Выбрать главу

– Generalmente, no. Pero en estos momentos hay una in-quilina que tiene una niña.

Bingo.

– Qué bien -dice Susan-. No estábamos seguros de si debíamos venir aquí con nuestra pequeña. Tiene ocho años.

– La misma edad de la niña de mi inquilina. Son gente muy tranquila. Tanto la madre como la niña. Aunque la verdad es que no estoy muy segura de si es niña o niño. Nunca sale. Han pagado hasta finales del mes que viene. Pero puede que su apartamento quede vacío en cualquier momento. La madre me ha dicho esta misma mañana que se iban.

– ¿Cuándo?

– No me lo dijo con exactitud. Antes de que termine este mes.

Susan sonríe, pero cuando me mira advierto en su rostro algo parecido a la preocupación. Si se trata de Jessica, y desaparece, nunca volveremos a dar con ella.

– Lo que digo: si me dejan su nombre y su teléfono, los podría llamar -dice la mujer.
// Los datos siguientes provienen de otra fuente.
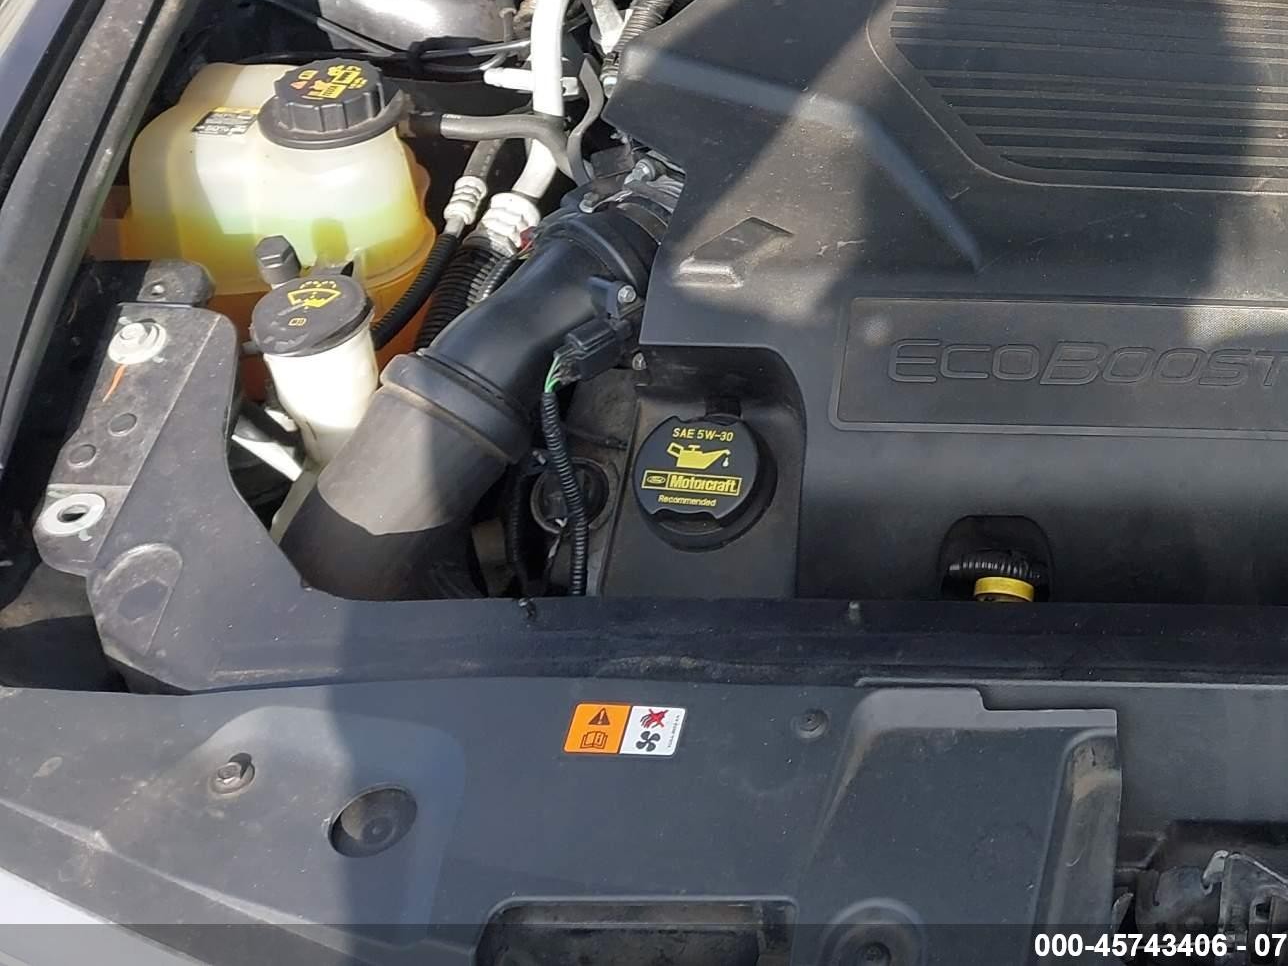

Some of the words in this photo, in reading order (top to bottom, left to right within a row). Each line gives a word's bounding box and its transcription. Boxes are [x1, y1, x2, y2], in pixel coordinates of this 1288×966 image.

– ¿Sería posible ver el apartamento? -pregunto.

– Me temo que no. La semana pasada traté de enseñarlo, y la mujer me dijo que no. Los inquilinos son muy celosos de su intimidad.

Asiento, como si comprendiera. Se me están agotando las preguntas.

– ¿Se ve el mar desde el apartamento? -A Susan se le dan bien estas cosas.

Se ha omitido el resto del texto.